The study found the key to maintaining healthy salmon stocks over time lies in ensuring there is a wide diversity of stocks within a given species.
The researchers looked at Bristol Bay, Alaska, where the annual run of 30 million sockeye has remained stable since 1950 because of a harvest strategy that ensures weak stocks are protected, while maximizing the commercial catch. During that same period, sockeye runs in B.C. rivers, such as the Fraser and Skeena, have gone through dramatic ups and downs. Mr. Orr said the problem in British Columbia has been that fisheries target big runs of salmon where many stocks are mixed together.
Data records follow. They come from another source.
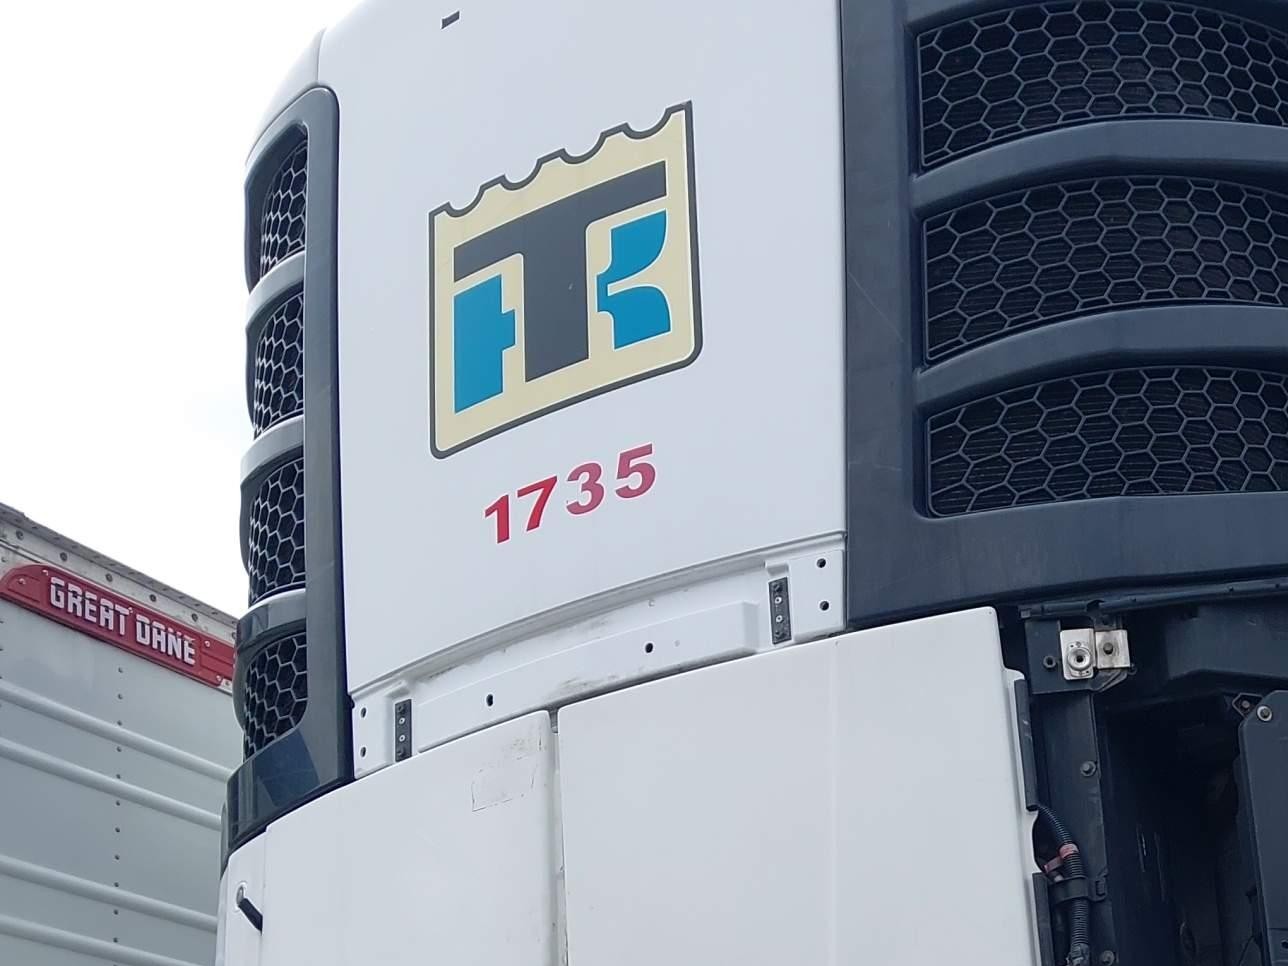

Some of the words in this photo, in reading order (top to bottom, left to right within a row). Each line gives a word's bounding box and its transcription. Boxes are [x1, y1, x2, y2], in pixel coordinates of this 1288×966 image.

[483, 443, 657, 544] 1735
[51, 576, 129, 636] GREAT
[136, 614, 196, 665] DANE
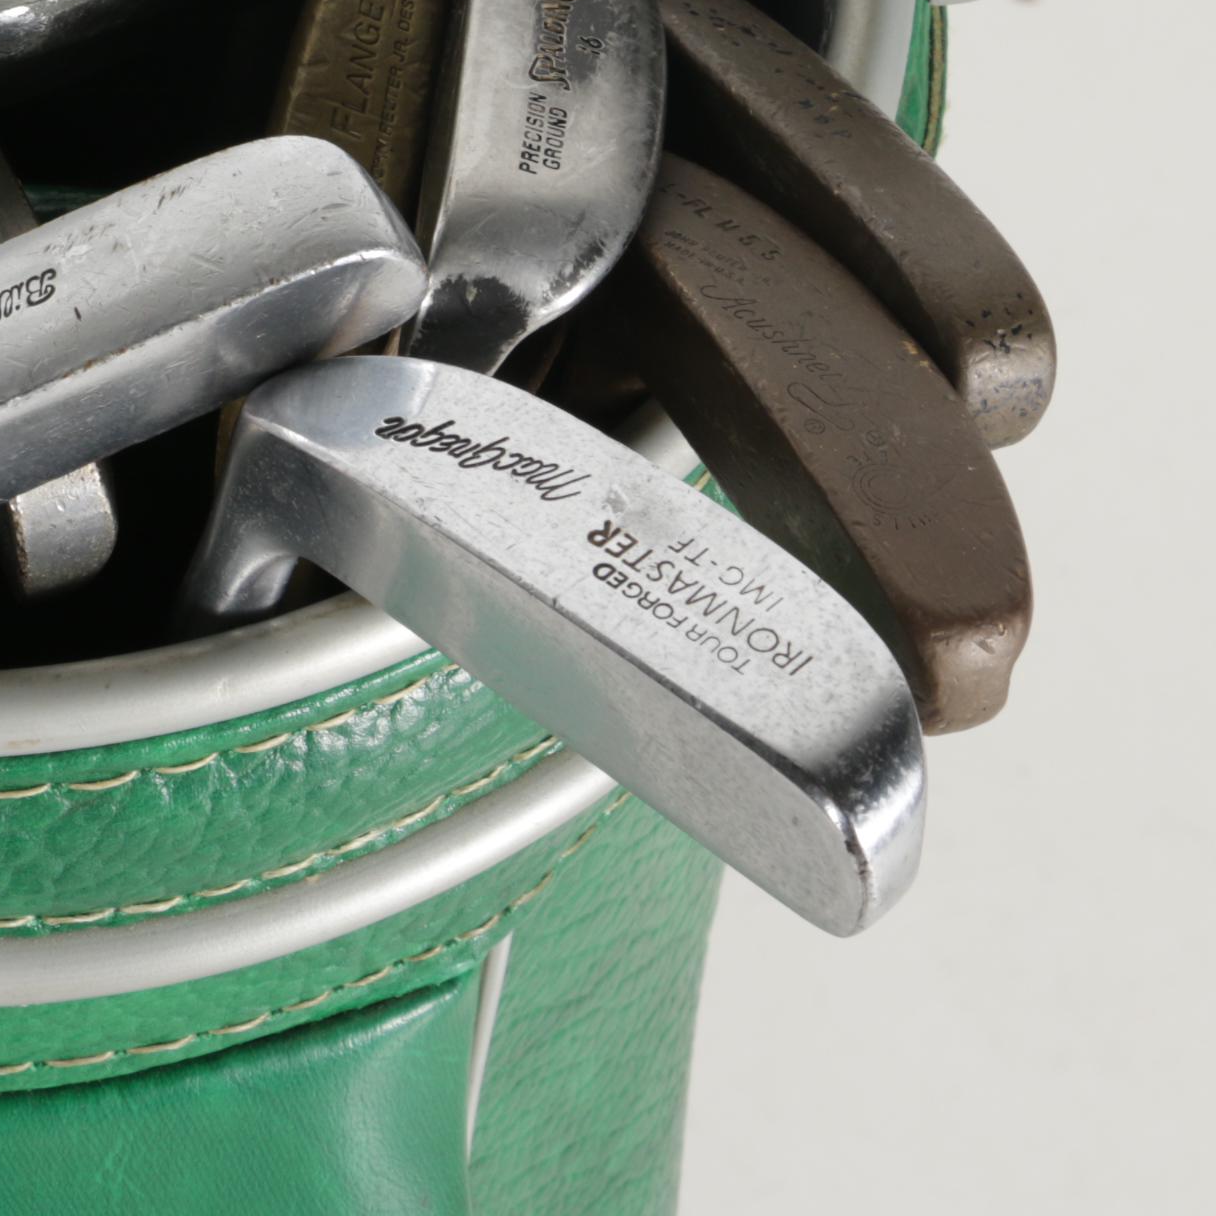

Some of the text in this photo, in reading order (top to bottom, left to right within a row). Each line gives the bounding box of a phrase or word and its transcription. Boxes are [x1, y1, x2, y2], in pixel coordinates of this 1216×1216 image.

[518, 92, 547, 175] PRECISION
[543, 107, 569, 171] GROUND
[374, 416, 591, 502] MacGregor
[587, 519, 814, 676] IRONMASTER
[592, 562, 751, 675] TOUR FORGED
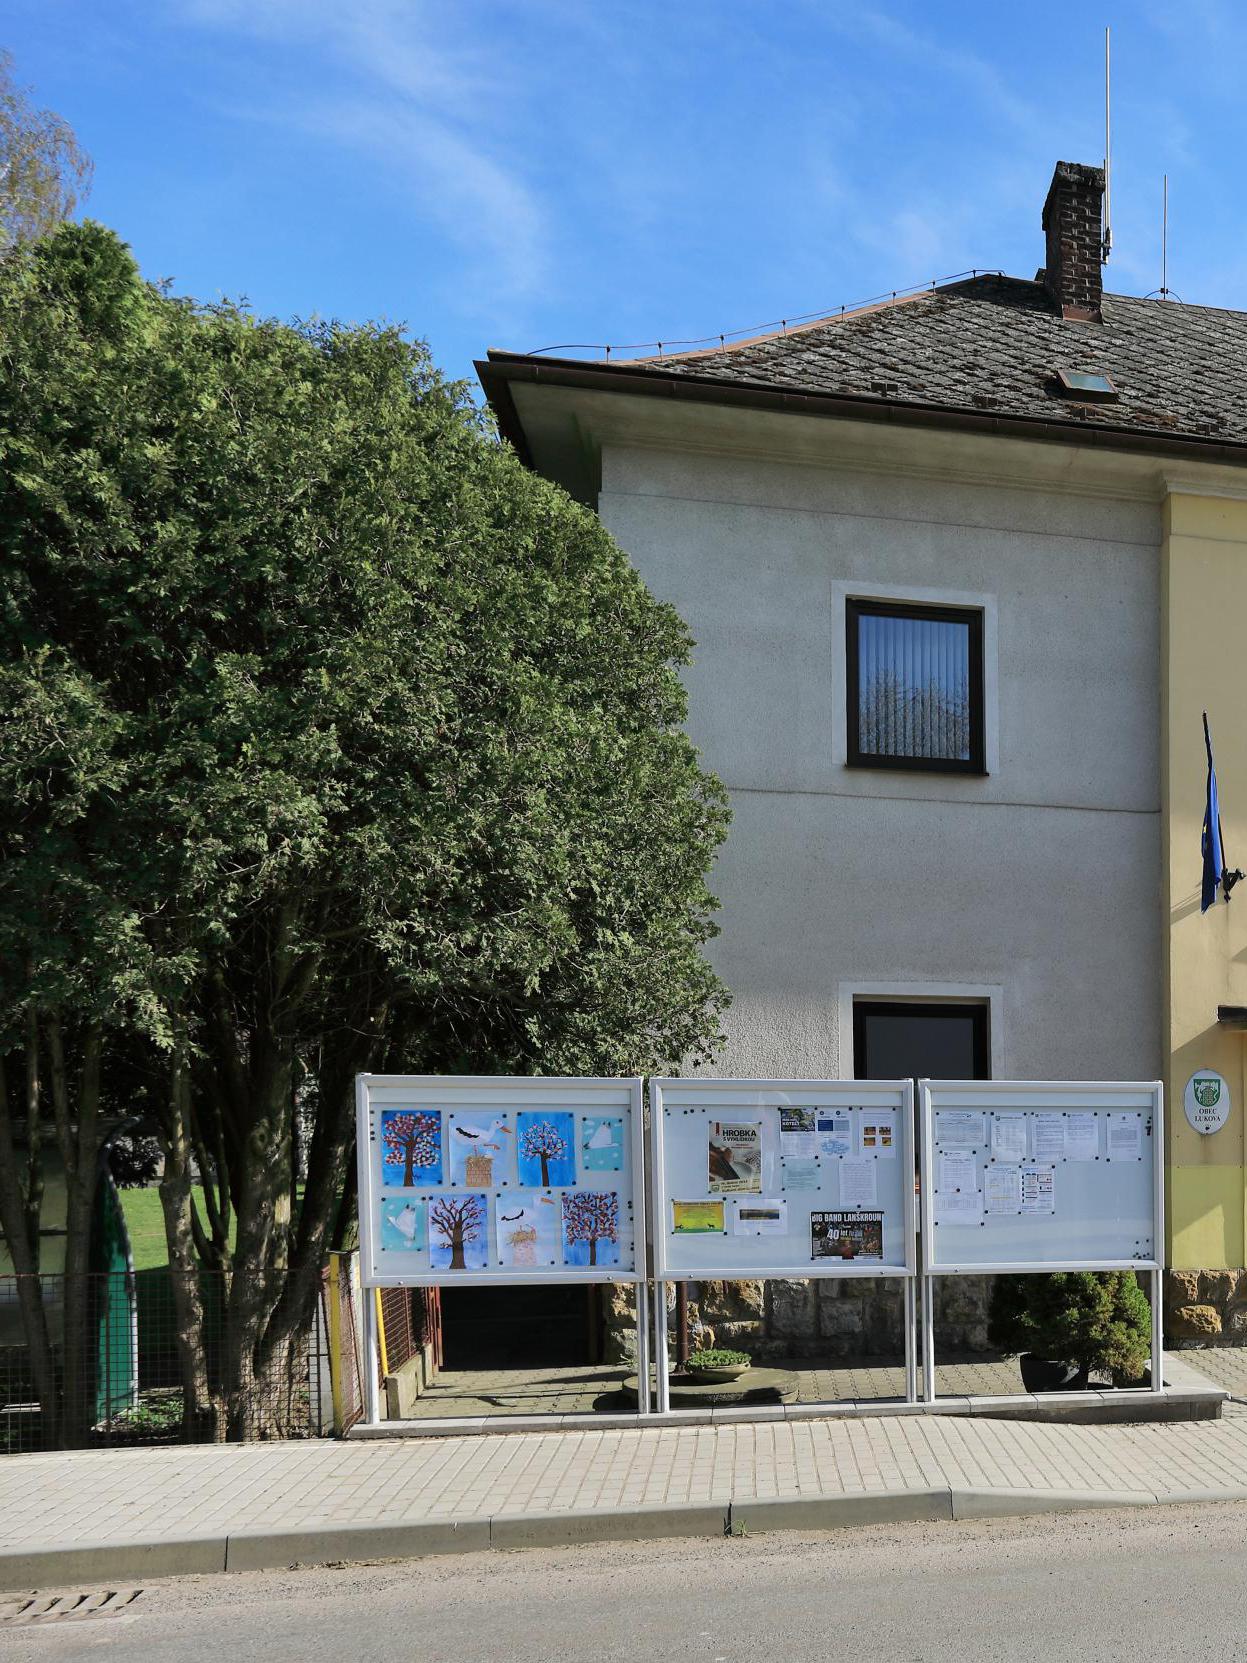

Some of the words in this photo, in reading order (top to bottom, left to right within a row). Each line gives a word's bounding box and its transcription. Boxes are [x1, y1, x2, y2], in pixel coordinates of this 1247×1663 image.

[722, 1129, 757, 1137] HROBKA
[824, 1213, 842, 1222] BAND
[827, 1229, 840, 1240] 40
The result has been an erosion of the smaller stocks, which diminishes the population diversity the Alaska study found to be so important.
“The … paper clearly shows that our best bet for maintaining both Fraser sockeye productivity and fishing opportunities for Fraser sockeye is to manage for diversity,” Mr. Orr said. “Right now we tend to base fisheries on the strength of one or two dominant runs … and we are prepared to fish those runs hard, even if it means overfishing less productive stocks, sometimes to the very brink of extirpation.”
Jeffery Young, an aquatic biologist with the David Suzuki Foundation, agrees. “We’ve always known that protecting biodiversity is a key element of keeping ecosystems functioning … what this study homes in on is how true that is for salmon,” Mr. Young said.